Problem requirements:
Repeat every entry exactly. Do not include the pictures.

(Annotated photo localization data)
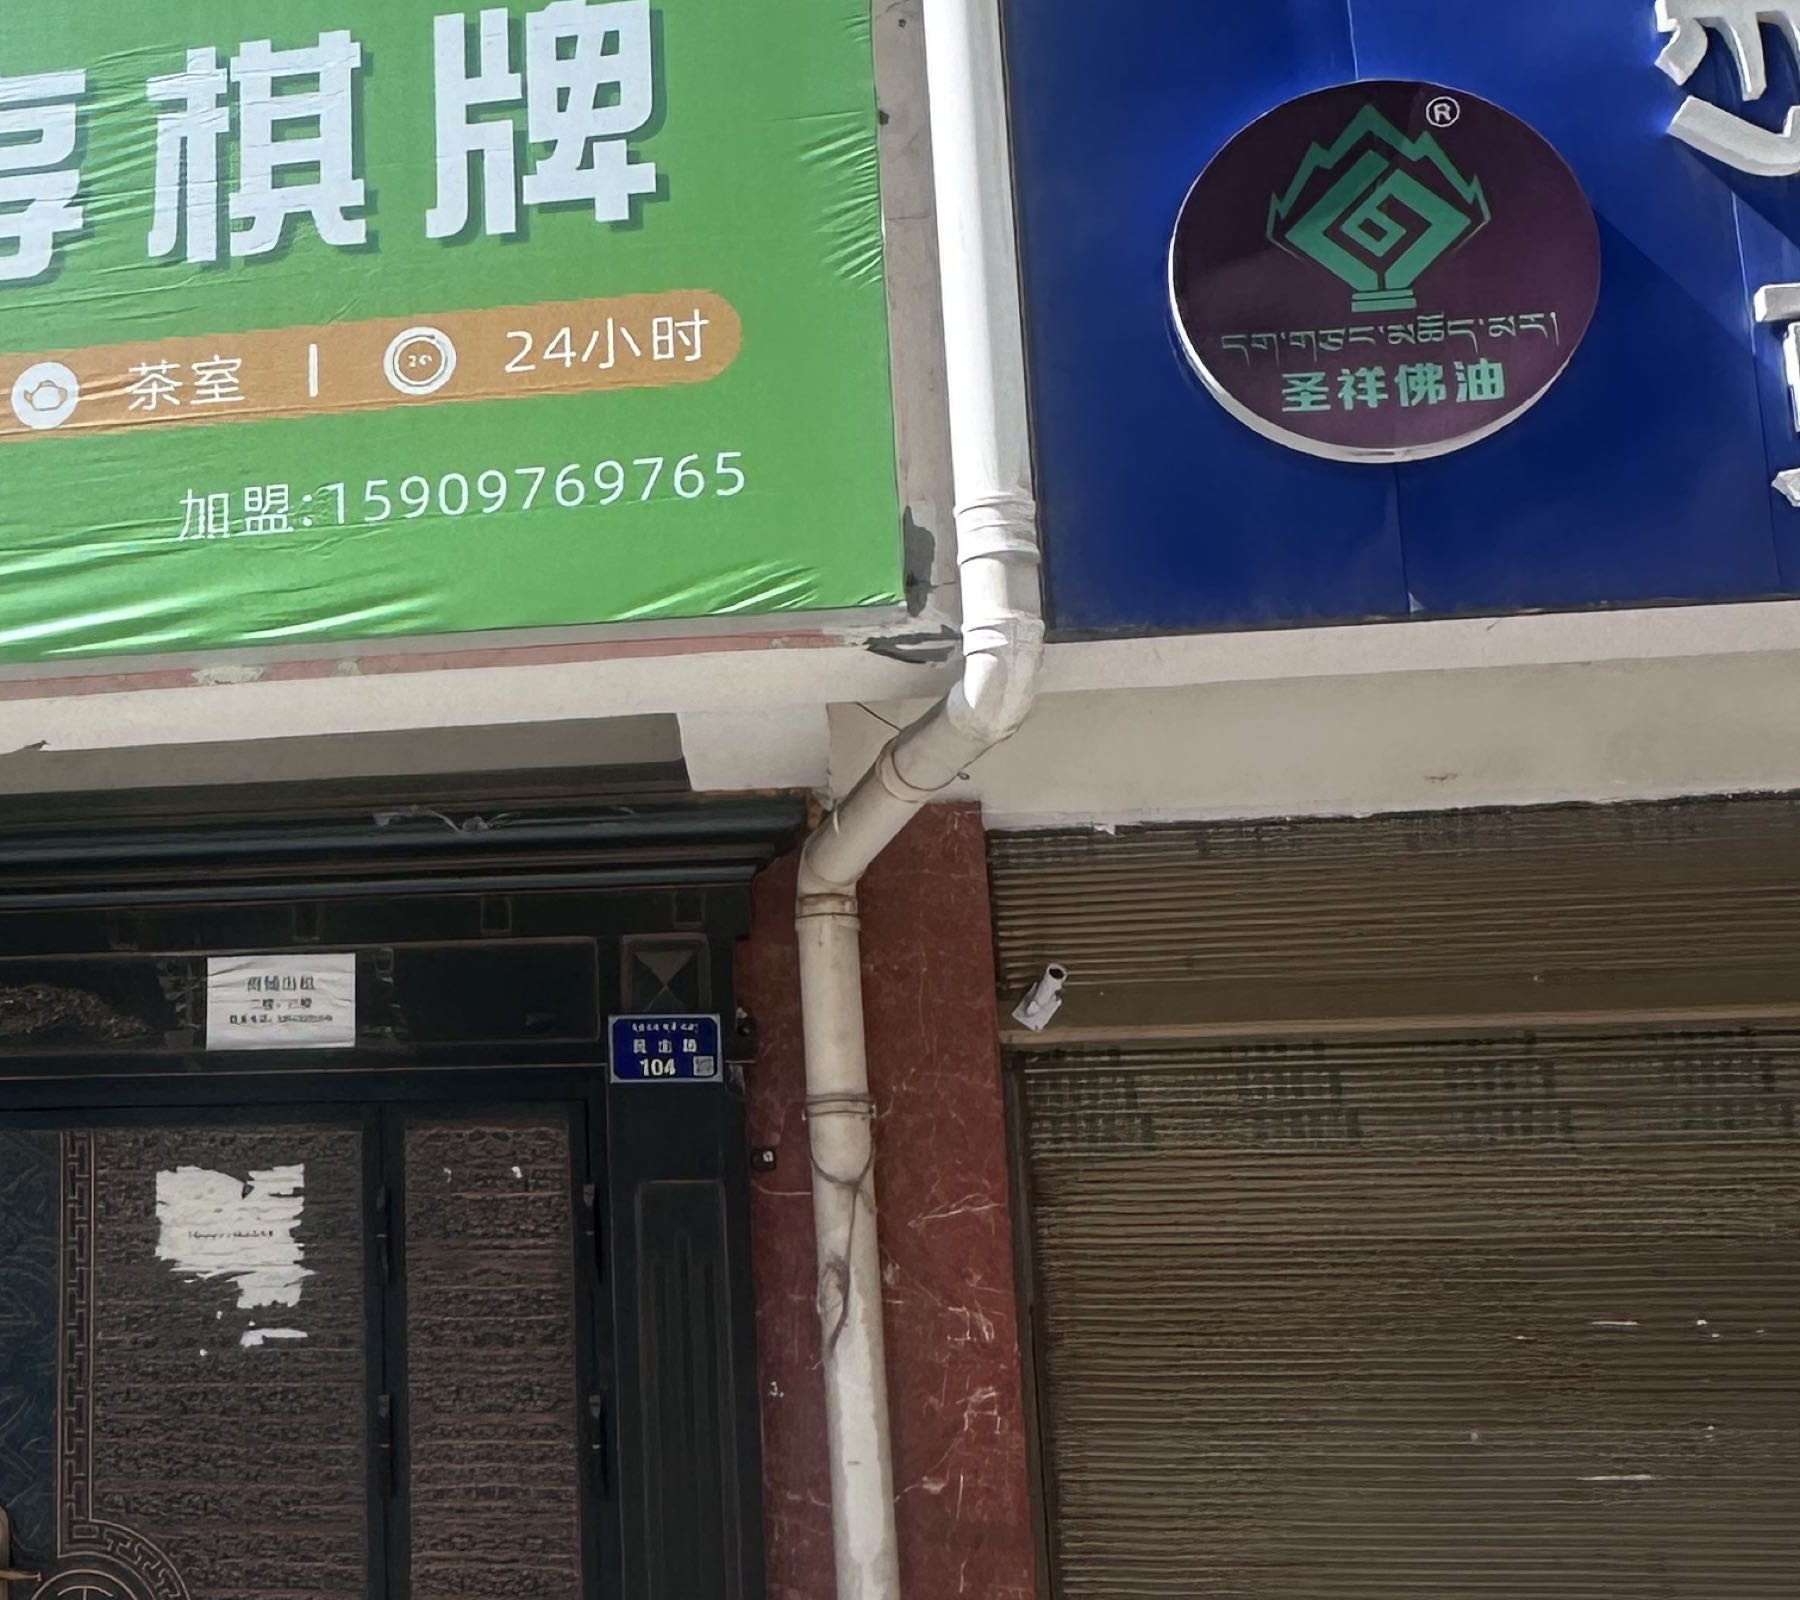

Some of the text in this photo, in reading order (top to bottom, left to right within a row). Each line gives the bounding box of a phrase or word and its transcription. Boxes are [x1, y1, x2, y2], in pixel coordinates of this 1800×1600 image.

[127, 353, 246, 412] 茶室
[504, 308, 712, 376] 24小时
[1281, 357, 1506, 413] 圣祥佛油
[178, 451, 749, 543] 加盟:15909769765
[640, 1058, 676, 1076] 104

Solution to this task:
Some of the text in this photo, in reading order (top to bottom, left to right within a row). Each line gives the bounding box of a phrase or word and its transcription. Boxes are [x1, y1, x2, y2], in pixel coordinates of this 1800×1600 image.

[127, 353, 246, 412] 茶室
[504, 308, 712, 376] 24小时
[1281, 357, 1506, 413] 圣祥佛油
[178, 451, 749, 543] 加盟:15909769765
[640, 1058, 676, 1076] 104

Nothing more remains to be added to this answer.